Computational investigation of novel farnesyltransferase inhibitors using 3D-QSAR pharmacophore modeling, virtual screening, molecular docking and molecular dynamics simulation studies: A new insight into cancer treatment

Abstract

Farnesyltransferase (FTase) is considered as an effective target in treating a variety of cancers. In this investigation, a 3D-QSAR pharmacophore search was performed to identify potential inhibitors against FTase. Correspondingly, 3D-QSAR pharmacophore models for FTase inhibitors were generated utilizing the training set compounds and validated through the test set, cost analysis and Fischer's randomization test. The created pharmacophore models were evaluated based on Debnath's analysis. Then, the pharmacophore model Hypo1 was selected to perform pharmacophore-based screening. Subsequently, the identified compounds were filtered considering Lipinski's Rule of Five (RoF) and Absorption, Distribution, Metabolism, Excretion and Toxicity (ADMET) properties. In the next step, the inter-molecular interactions of the retrieved compounds and the most active compound of the training set with FTase were analyzed utilizing the flexible docking technique.
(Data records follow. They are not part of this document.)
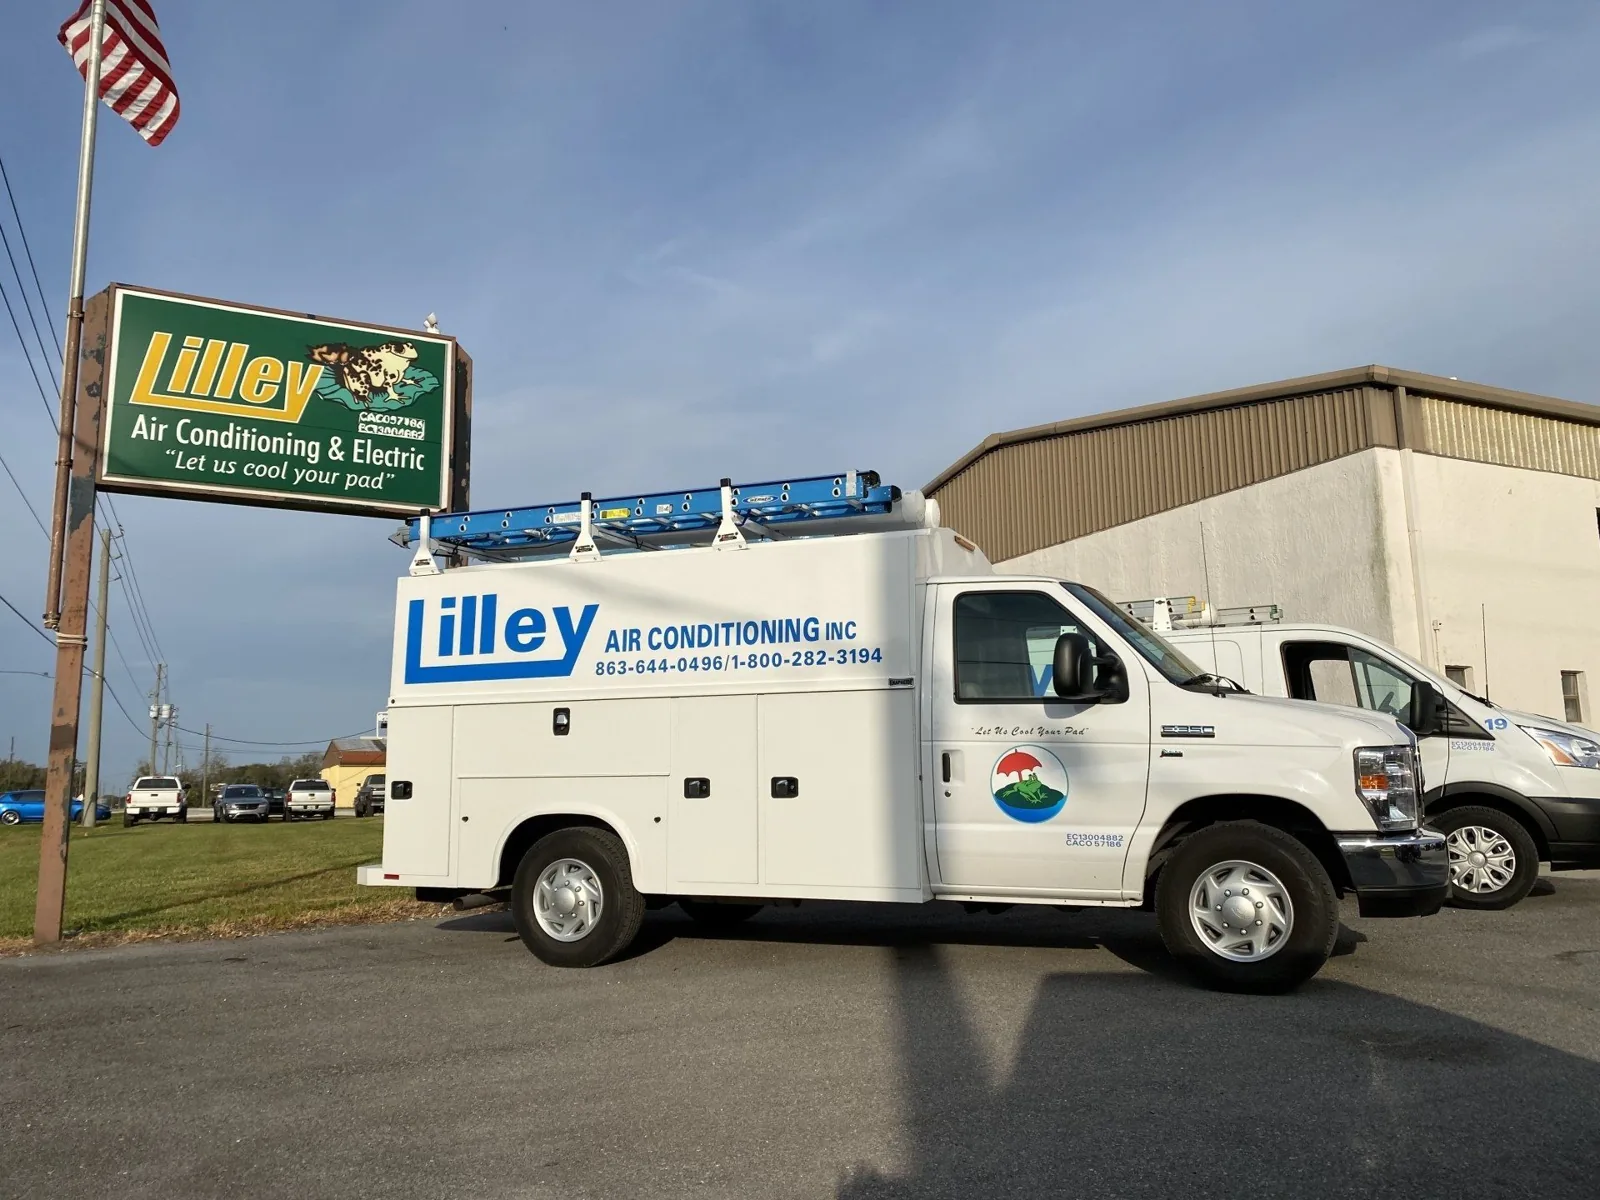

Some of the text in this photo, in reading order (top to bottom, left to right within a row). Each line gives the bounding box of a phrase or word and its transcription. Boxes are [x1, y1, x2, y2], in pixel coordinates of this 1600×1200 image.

[129, 331, 324, 423] Lilley
[131, 413, 425, 471] Air Conditioning & Electric
[213, 459, 237, 474] us
[243, 461, 289, 480] cool
[292, 467, 340, 485] your
[404, 593, 600, 684] Lilley
[604, 616, 857, 653] AIR CONDITIONING INC
[595, 647, 883, 676] 863-644-0496/1-800-282-3194
[994, 726, 1008, 735] Us
[1011, 726, 1034, 736] Cool
[1037, 726, 1060, 737] Your
[1484, 718, 1508, 731] 19
[1066, 833, 1124, 841] EC13004882
[1094, 840, 1122, 848] 57186
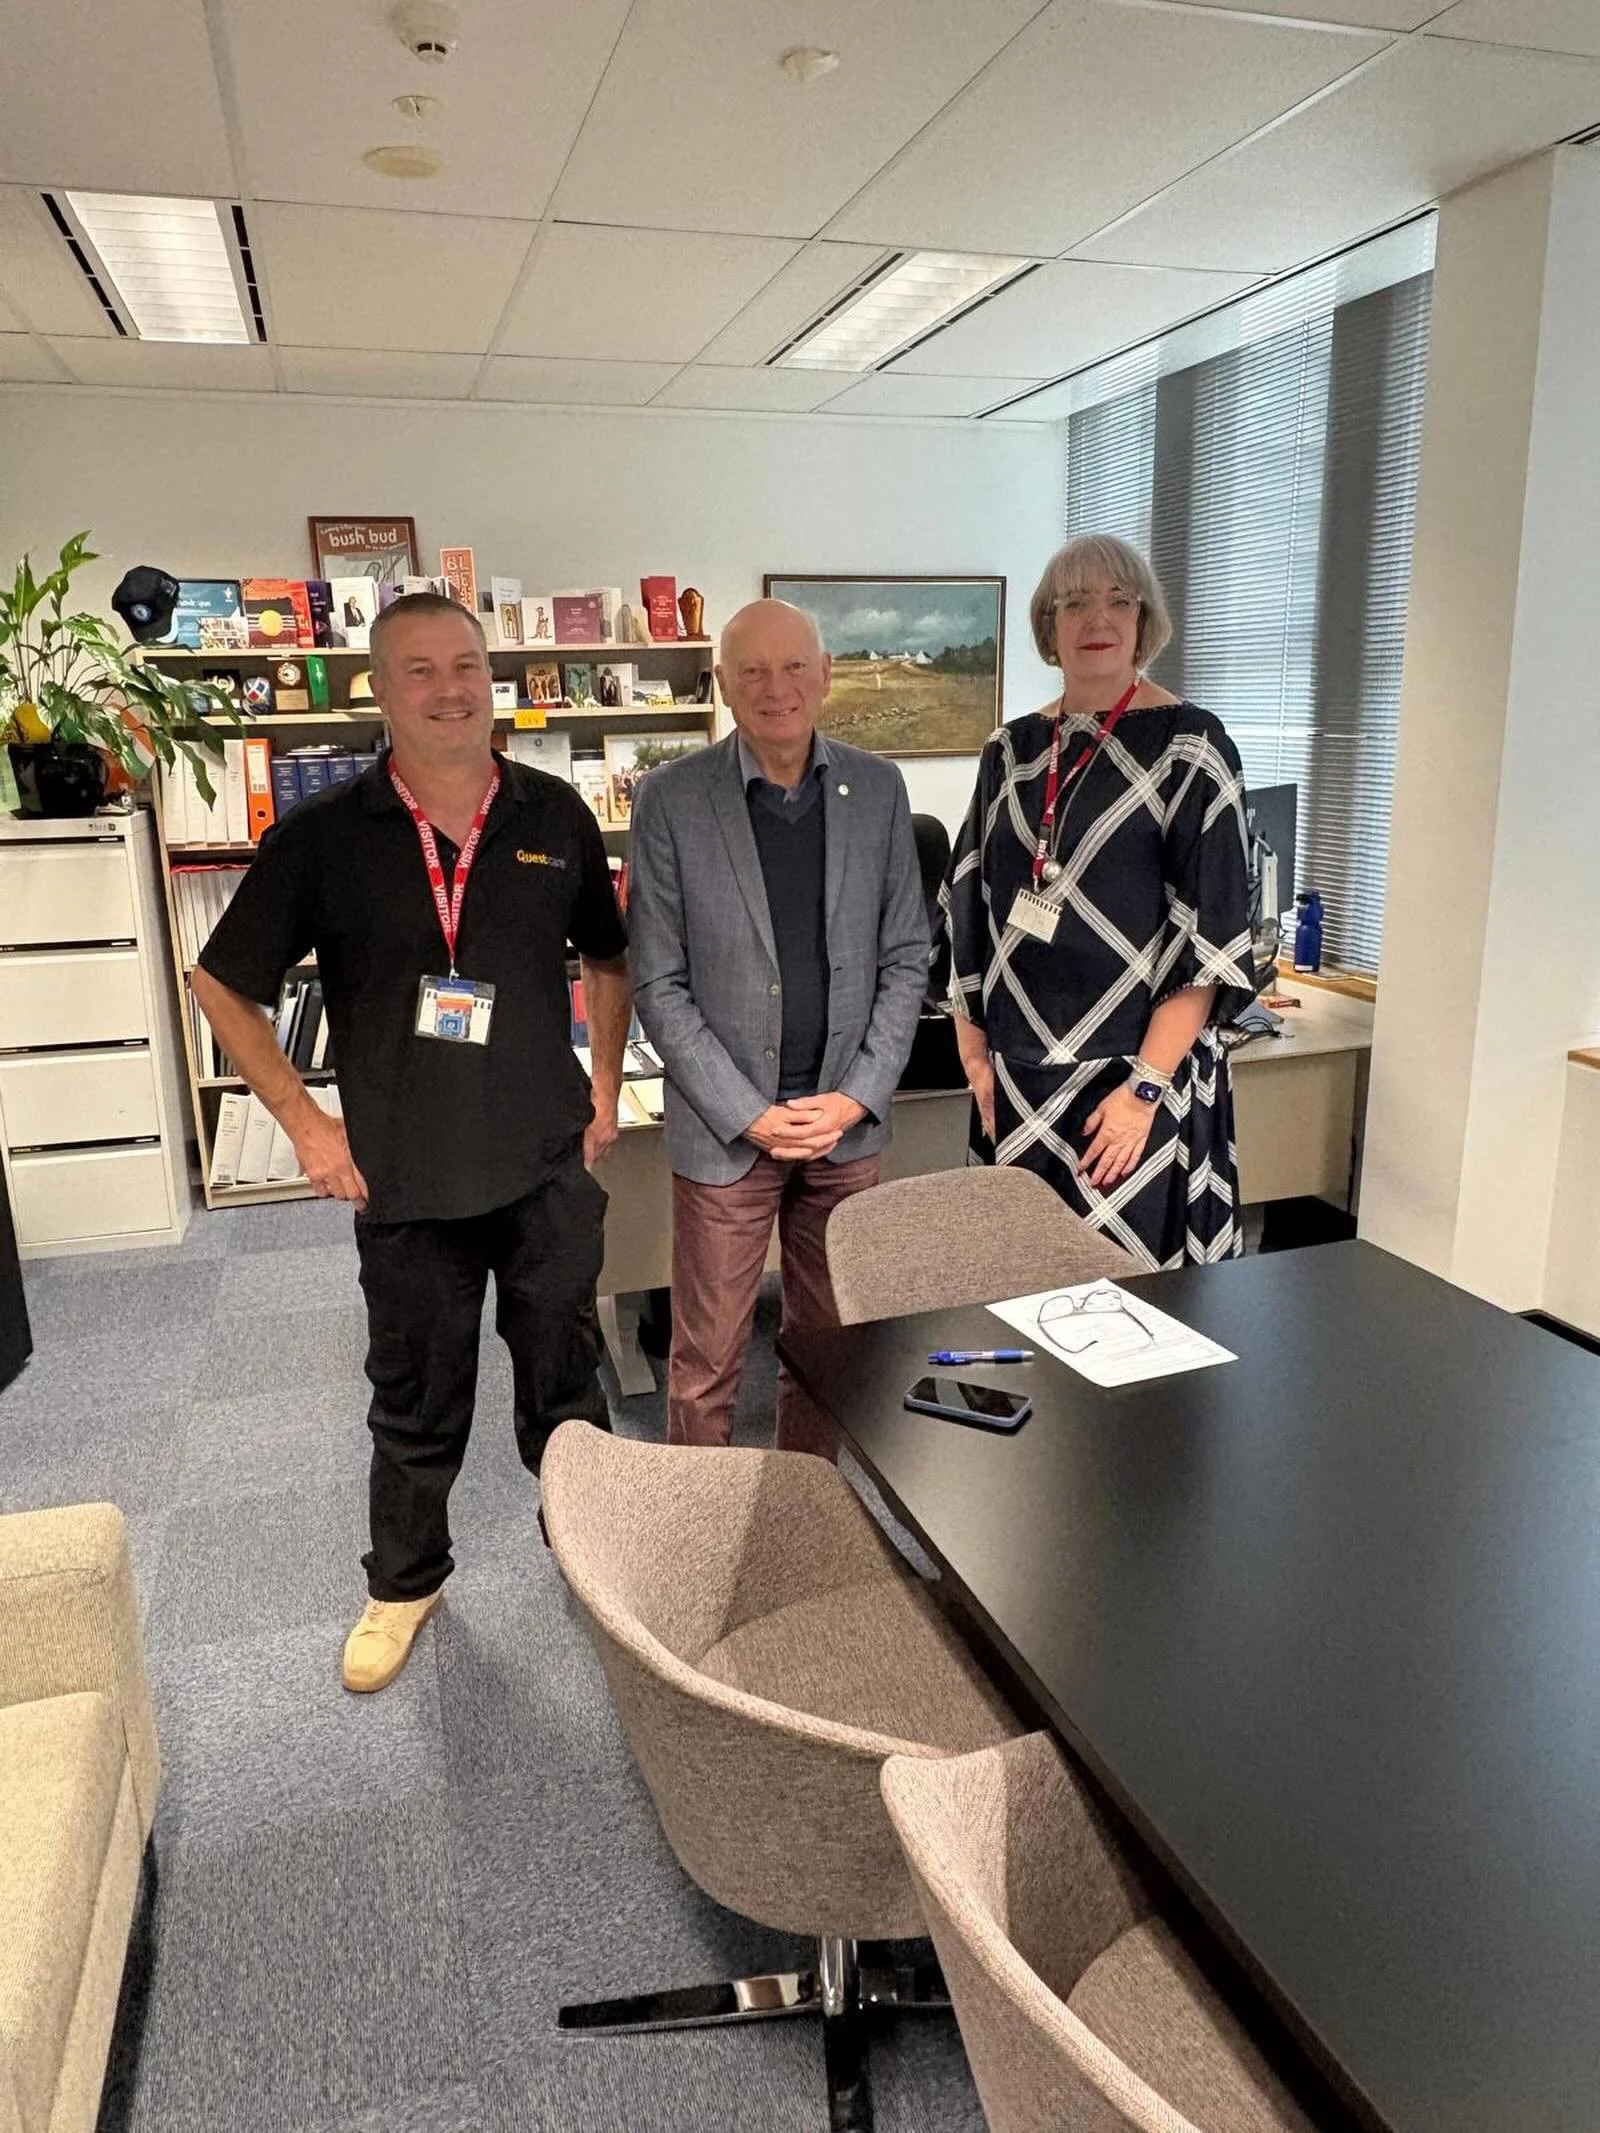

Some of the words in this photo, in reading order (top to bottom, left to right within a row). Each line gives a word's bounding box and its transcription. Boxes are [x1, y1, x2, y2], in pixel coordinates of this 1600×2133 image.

[328, 526, 365, 548] bush
[368, 527, 398, 545] bud
[390, 771, 419, 811] VISITOR
[479, 775, 501, 816] VISITOR
[417, 819, 441, 869] VISITOR
[457, 827, 482, 869] VISITOR
[433, 883, 453, 933] VISITOR
Eventually, the best two compounds, ZINC08952683 and ZINC08918035, along with the reference compound, ZINC13559176, were selected for Molecular Dynamics (MD) studies in order to conduct an in-depth study on their complexes with FTase. MD results confirmed docking studies and showed that these two compounds could make stable complexes with the FTase active site and may have great inhibitory effects on FTase.